INTEL BRIEF — FROM THE EDITOR

Four weeks in. You’ve crossed a bridge under fire, identified a CIA informant, and navigated a survival scenario with a storm closing in. This week we go into a room — no weapons, no backup, just words and time pressure. Hostage negotiation is the highest-stakes logic problem that exists: every concession changes the board, every delay costs something, and the wrong sequence gets people killed. Let’s work.

01 — THIS WEEK’S SUBMISSION

Tactical Logic Puzzle · Difficulty: Hard

SCENARIO — FBI CRISIS NEGOTIATION, PHOENIX AZ

A subject has barricaded himself in a bank with 3 hostages. Negotiators COLE and REYES are working the phone. 90-minute window before tactical intervention.

THE 4 DEMANDS:

⬛ Demand 1: A getaway vehicle

⬛ Demand 2: Release of his brother from federal custody

⬛ Demand 3: $200,000 cash

⬛ Demand 4: Safe passage to Mexico with one hostage

FBI rules: Demand 4 cannot be agreed to under any circumstances. Demand 2 is impossible in 90 minutes. Demands 1 and 3 can be stalled with false promises. The subject releases one hostage for every demand he believes is being genuinely addressed.
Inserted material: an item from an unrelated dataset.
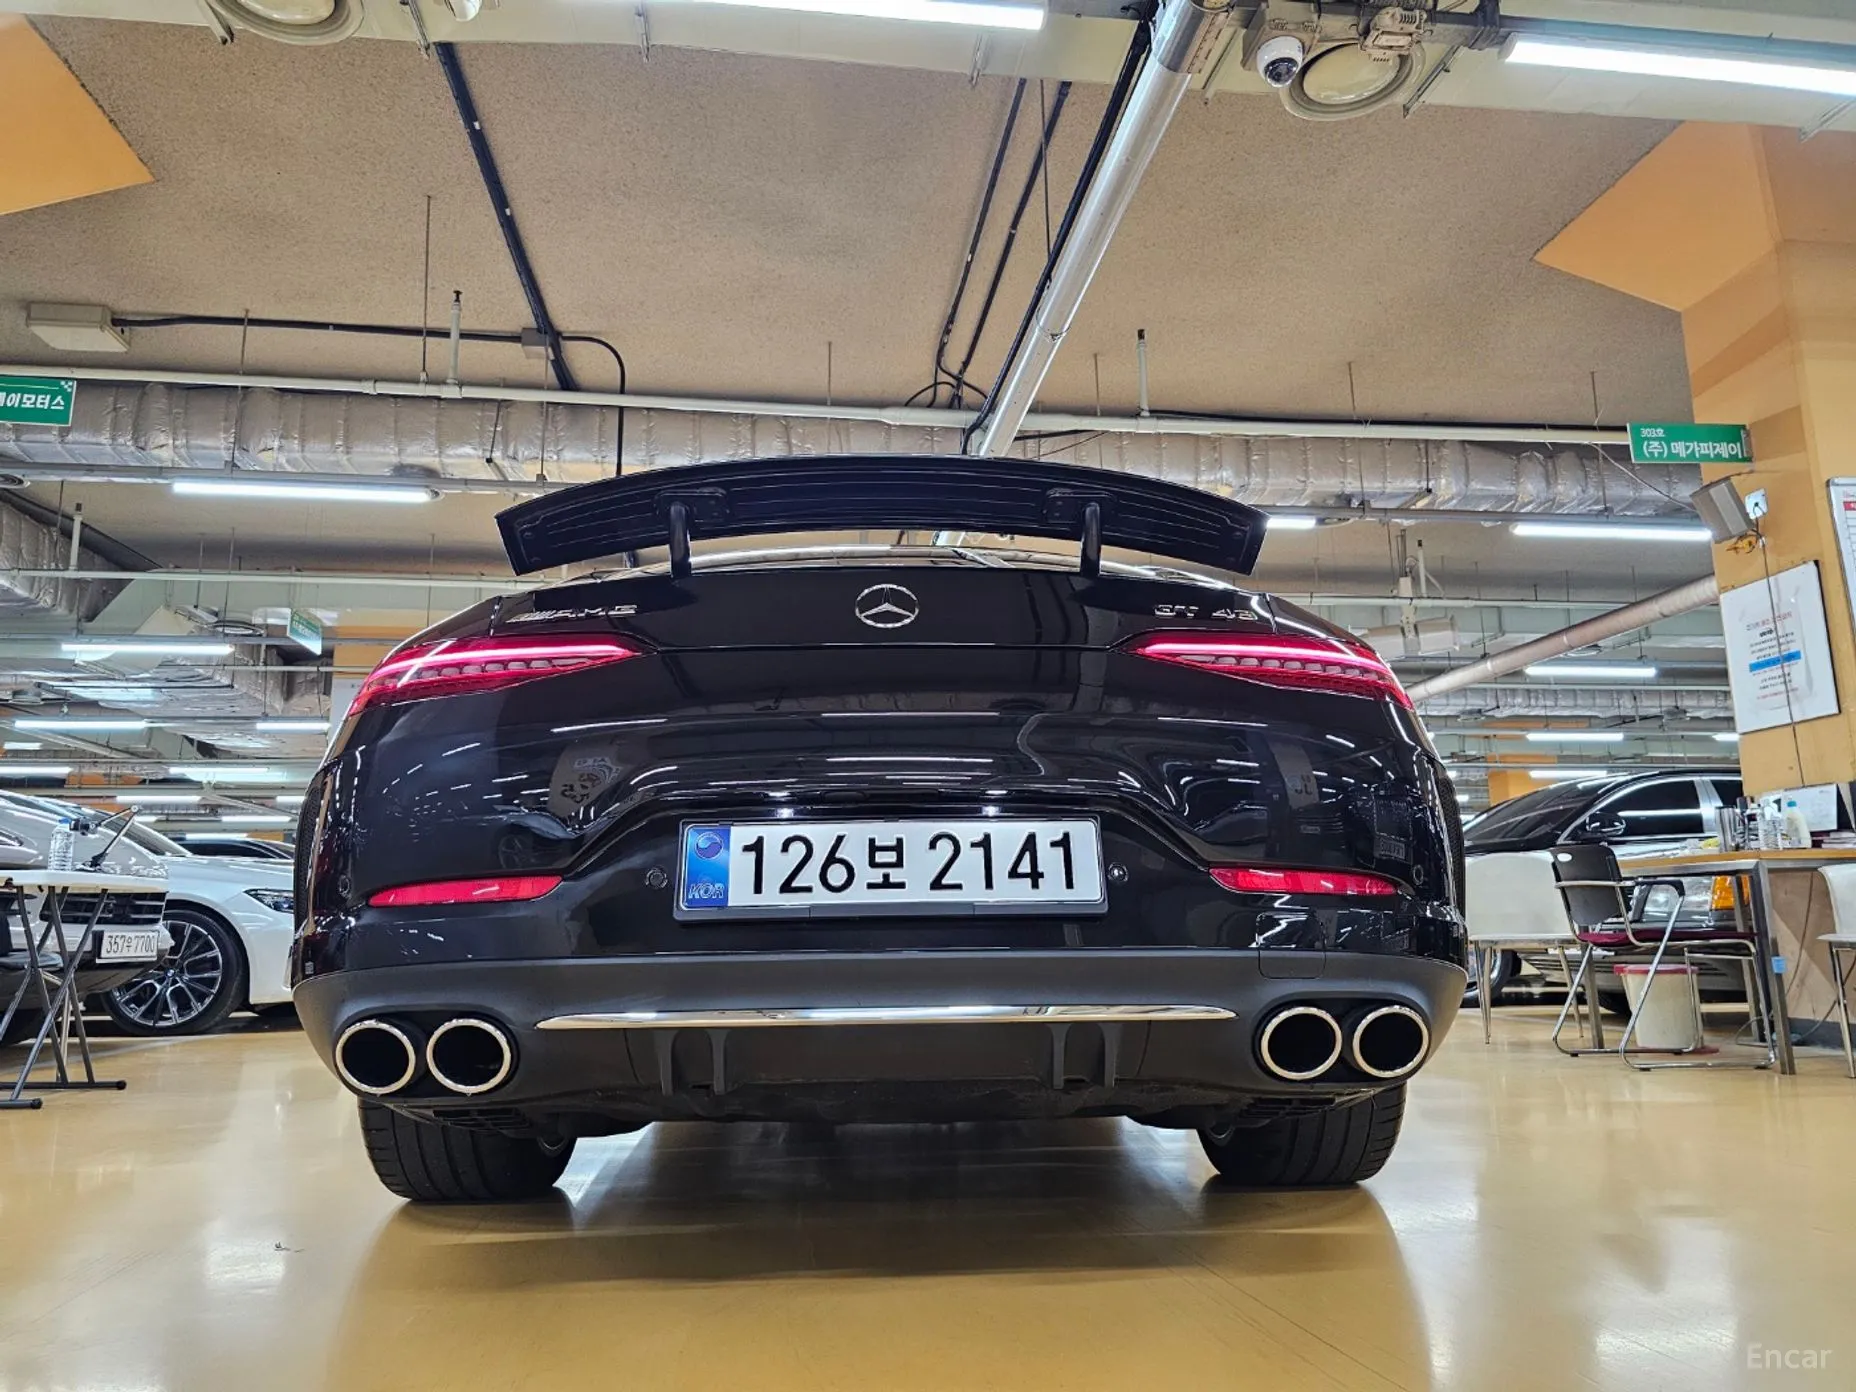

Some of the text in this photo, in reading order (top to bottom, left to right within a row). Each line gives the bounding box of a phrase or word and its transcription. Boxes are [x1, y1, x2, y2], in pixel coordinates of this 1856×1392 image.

[1643, 440, 1742, 459] (주) 메가피제이
[742, 831, 1076, 895] 126보 2141
[688, 882, 725, 899] KOR
He will detect obvious stalling.

A) Address Demand 3 first (cash), then Demand 1 (vehicle), then Demand 2 (brother), never address Demand 4.

B) Address Demand 2 first (brother — most emotional), then Demand 3, then Demand 1, deflect Demand 4 indefinitely.
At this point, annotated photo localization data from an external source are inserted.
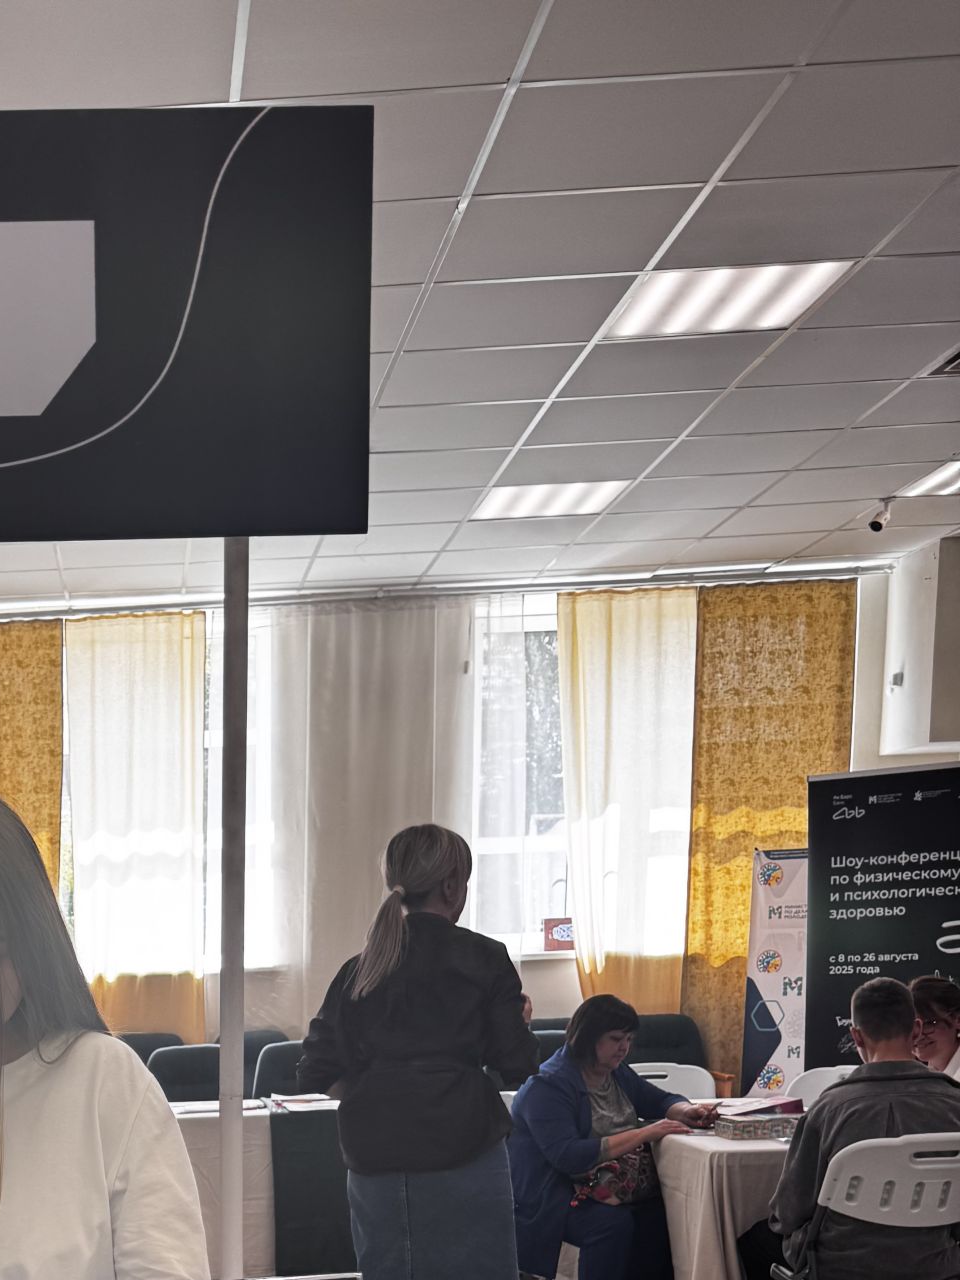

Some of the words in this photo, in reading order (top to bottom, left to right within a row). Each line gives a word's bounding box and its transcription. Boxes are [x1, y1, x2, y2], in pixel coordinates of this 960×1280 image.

[830, 875, 849, 885] по
[853, 868, 960, 886] физическому
[829, 893, 840, 902] и
[828, 906, 906, 920] здоровью
[838, 954, 845, 962] 8
[847, 954, 861, 962] по
[863, 953, 876, 962] 26
[878, 953, 919, 962] августа
[829, 966, 854, 974] 2025
[856, 966, 880, 974] года
C) Address Demand 1 first (vehicle — tangible), then Demand 2, then Demand 3, never address Demand 4.

D) Address all 4 demands simultaneously to show good faith.

QUESTION: Which sequence gets all 3 hostages out — and why does the order matter?

Reply with your answer + reasoning. Best breakdown goes on the leaderboard.

ANSWER: B — Lead with Demand 2 (the brother). It’s the most emotional, the easiest to stall authentically with bureaucratic process, and buys the most clock while feeling most genuine. Cash second — tangible and countable, another 20 minutes of credible delay. Vehicle third — stage it visibly outside, a real concession that costs nothing. Demand 4 is never addressed directly. Option A fails because leading with cash makes it purely transactional — you lose emotional rapport. Option C fails because a visible vehicle is an endgame signal that accelerates his timeline. Control the sequence, control the outcome.

02 — INTEL BRIEF

HISTORY

Mitch Rapp’s 3 Rules

Vince Flynn’s Mitch Rapp series has sold over 20 million copies. Flynn never spelled out Rapp’s rules explicitly, but across 18 novels they emerge: 1) Never negotiate from a position you haven’t chosen. 2) The person who controls the timeline controls the outcome. 3) Hesitation is the enemy — once the decision is made, execute without reservation. This week’s puzzle is a pure expression of Rule 2. The negotiators who win aren’t the ones who give the most — they’re the ones who own the clock.

MINDSET

Pressure Reveals Process

The highest-level BJJ competitors don’t think during a match — they recall. Every decision under pressure is a stored pattern being retrieved, not a new thought being generated. This is why drilling matters more than sparring, and why these puzzles matter: you’re not solving problems in real time. You’re building a library of patterns your brain can access when the pressure is real.

GEAR

Introducing The Kimura Pro

Starting with Issue #005, The Kimura launches a paid tier. $7/month or $60/year. What you get: the full puzzle archive, a harder difficulty tier each week, and a monthly deep-dive intel brief. The free tier stays exactly as it is. If the last four issues have been worth your Monday morning, the Pro tier is worth $7.

03 — LEADERBOARD

Combined — Issues 001–004 · Month 1 Final

  1. GhostShell_83 — 400pts — Avg: 0:54

  2. RollingIron — 388pts — Avg: 1:21

  3. 3. MatMechanic — 375pts — Avg: 1:38

  4. 4. IronLogic — 360pts — Avg: 2:08

  5. 5. SilentDrill — 344pts — Avg: 2:29

Month 1 complete. These are your founding operators.

04 — WORD FROM THE MAT

One month. Four issues. Four puzzles. If you’ve solved all four — you’ve put in more deliberate mental reps than most people do in a year. The Kimura isn’t about being the smartest person in the room. It’s about being the most prepared one. Same reason you drill the same sweep a thousand times. Same reason you show up when you don’t feel like it. Preparation isn’t a feeling. It’s a practice. See you next Monday.

— The Kimura · Month 1 Complete

© 2026 The Kimura. Built for people who don’t quit.